Voices

A huge national problem merits a huge national solution

We’ve done it before with everything from the Revolutionary War to the 2007 financial crisis. We need a crash program to stop the use of fossil fuels to supply our energy needs. All we need is the political will.

PUTNEY — I have been thinking back on major federal government programs.

The most obvious major programs are wars. The Revolutionary War was, of course, fought by state militias (see the Second Amendment). The Department of War was formed in 1789. The 1812 war brought about the Navy and the exploits of General Andrew Jackson - then the list of wars goes on.

Major programs during the Lincoln administration were the Homestead Act, the agricultural colleges and extension services, teacher training schools, the Freedmen's Bureau, and Reconstruction generally.

The next non-war programs might be the New Deal - and that was a struggle to get past the conservative Supreme Court.

After World War II, national security became a major justification for these major programs. (It was also when the Department of War was renamed, with typical American hypocrisy, the Department of Defense.)

The proposal of Truman's Point Four Program - support for the United Nations, for world economic recovery, for strengthening nations against the dangers of aggression, and for a new program “Making the benefits of our scientific advances and industrial progress available for the improvement and growth of underdeveloped areas” - is largely forgotten now, but it has basically continued one way or another ever since.

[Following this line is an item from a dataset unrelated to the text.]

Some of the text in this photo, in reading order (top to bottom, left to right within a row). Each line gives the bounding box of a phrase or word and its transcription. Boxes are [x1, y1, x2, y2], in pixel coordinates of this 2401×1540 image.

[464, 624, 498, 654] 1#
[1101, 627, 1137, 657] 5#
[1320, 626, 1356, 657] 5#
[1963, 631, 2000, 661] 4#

Eisenhower, of course, brought about the Interstate Highway System, justified on the grounds of national security.

Kennedy declared that the Apollo program would land men on the moon.

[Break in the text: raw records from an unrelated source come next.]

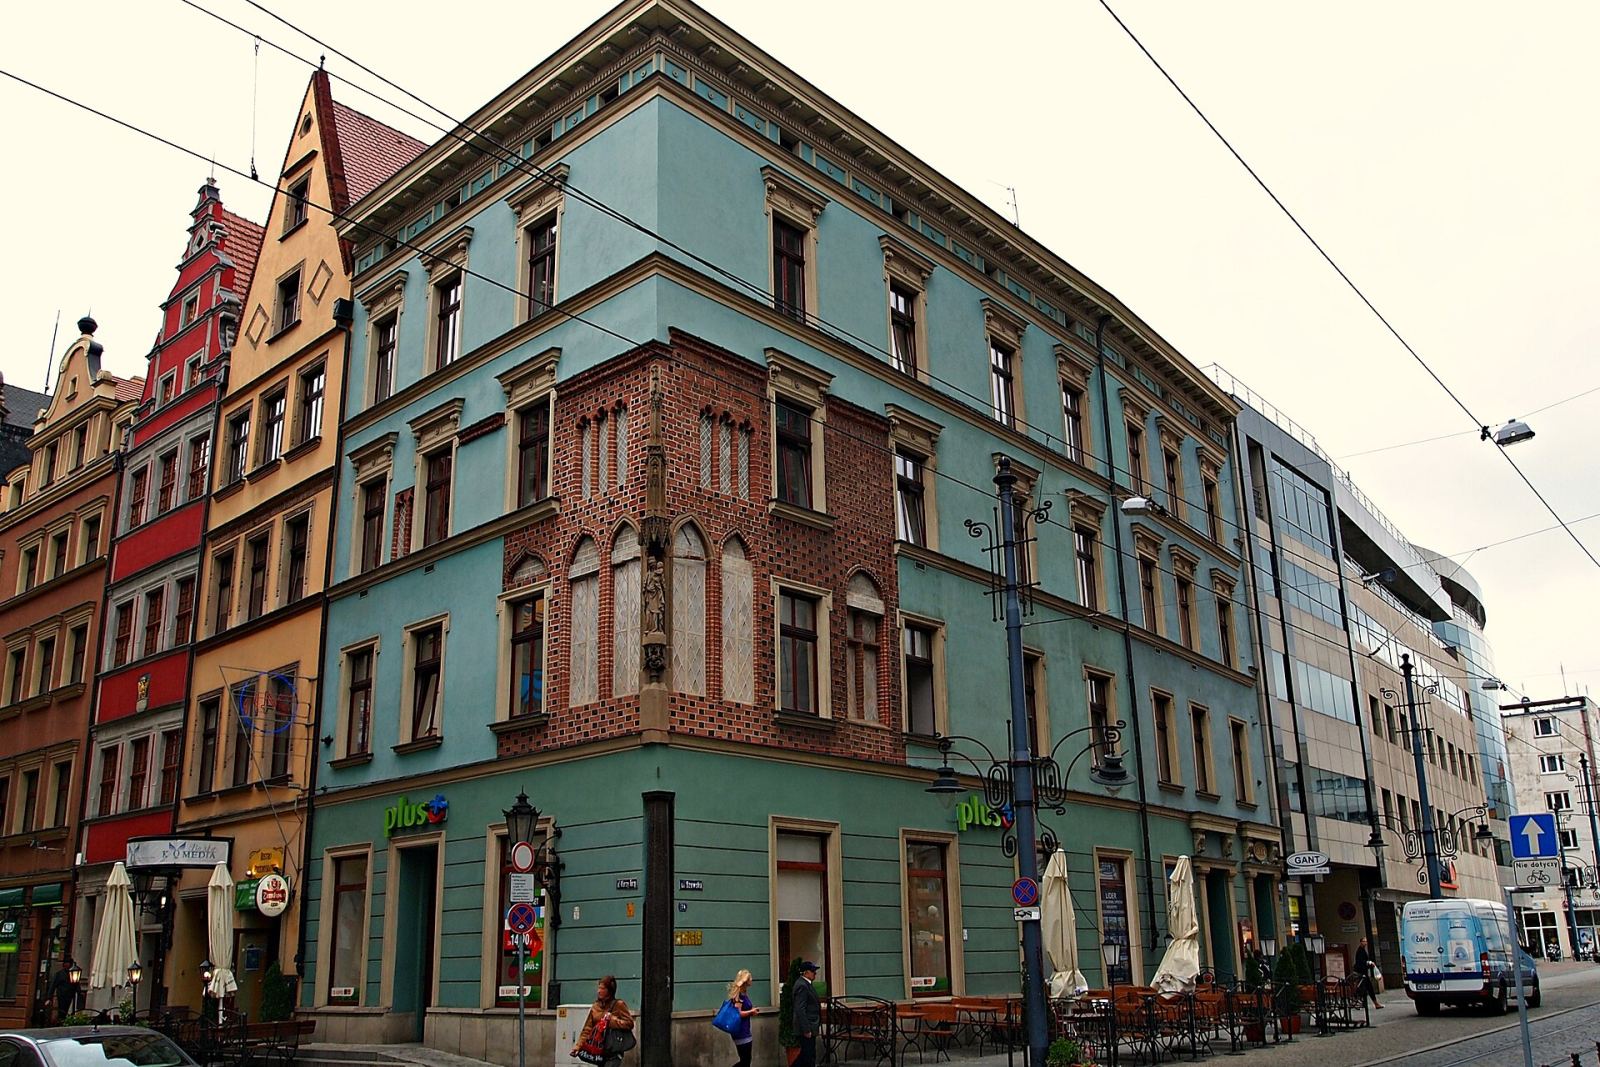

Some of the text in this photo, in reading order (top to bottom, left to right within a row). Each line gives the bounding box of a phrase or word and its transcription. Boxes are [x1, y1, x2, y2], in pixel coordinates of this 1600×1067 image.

[383, 794, 428, 838] plus
[957, 794, 1001, 831] plus
[1294, 855, 1320, 865] GANT
[1516, 861, 1558, 870] Nie dotyczy
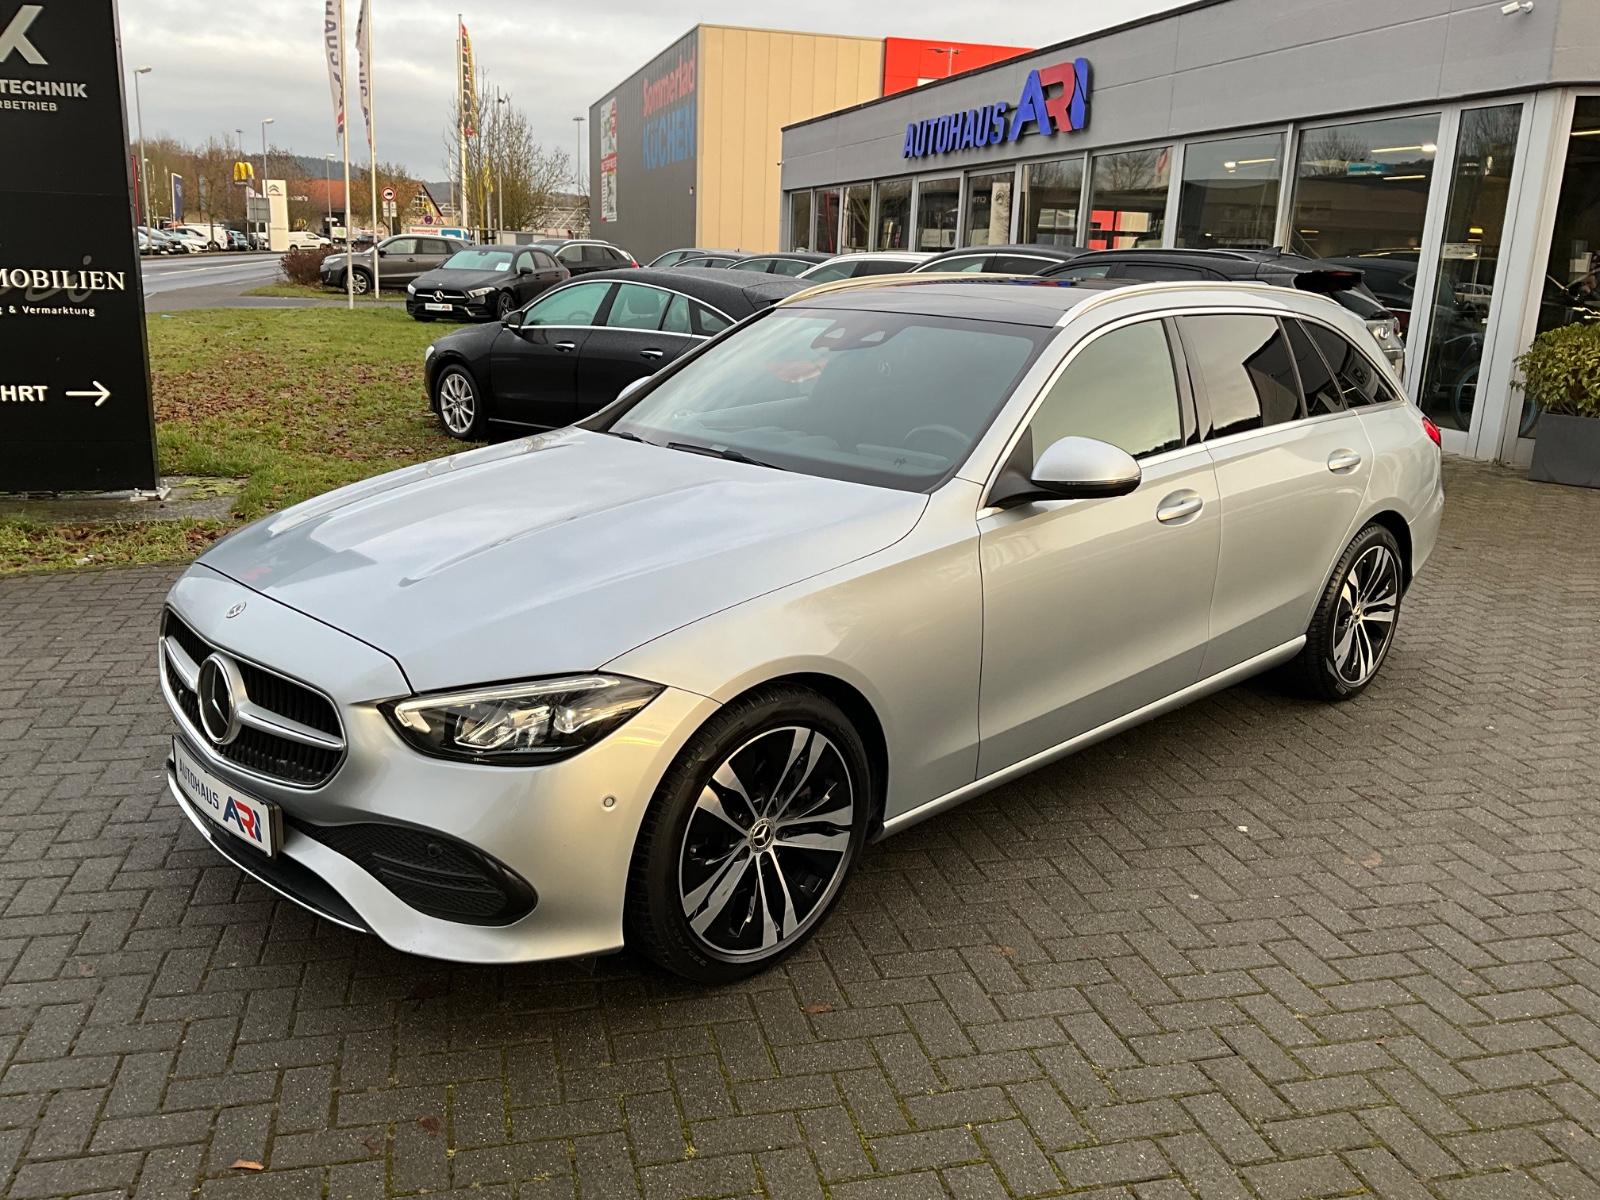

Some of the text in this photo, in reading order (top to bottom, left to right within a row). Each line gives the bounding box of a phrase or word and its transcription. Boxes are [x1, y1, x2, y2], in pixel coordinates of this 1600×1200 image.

[643, 49, 696, 116] Sommerlad
[903, 57, 1088, 158] AUTOHAUS ARI
[8, 305, 17, 314] &
[22, 305, 96, 317] Vermarktung
[179, 758, 219, 810] AUTOHAUS
[223, 796, 263, 843] ARI

Under George H. W. Bush was the bailout of the savings and loan industry. Obama really had no choice about the bailout after the 2007 financial crash.

The reason I am referring to all this is to urge a vast new crash federal government program as of 2021, under which within 10 years, we will completely stop the use of fossil fuels to supply our energy needs.

The ability to do so exists now.

The political will to do it must be created.

* * *

To create the political will, let us first go back to previous experience.

Before the Civil War, the disagreements were so bitter, so full of hatred, so radical, that some states formed a separate nation. Even within the remainder of the country, the politics were bitterly partisan.

Lincoln invoked the necessity to secure the integrity of the nation, and the North rallied to the cause.

Before World War I, pacifists and isolationists were bitterly opposed to getting involved in European affairs. I don't know how Wilson invoked national security, but again the nation rallied to the job, albeit about two years after the war started.

Before World War II, the politics were just as poisonous and partisan (more on factional lines than party lines) as they are at the present time. Japan's attack pulled us in. Germany's declaration a few days later rallied us to the full gamut of the war. Again, we came into it about two years after its declaration.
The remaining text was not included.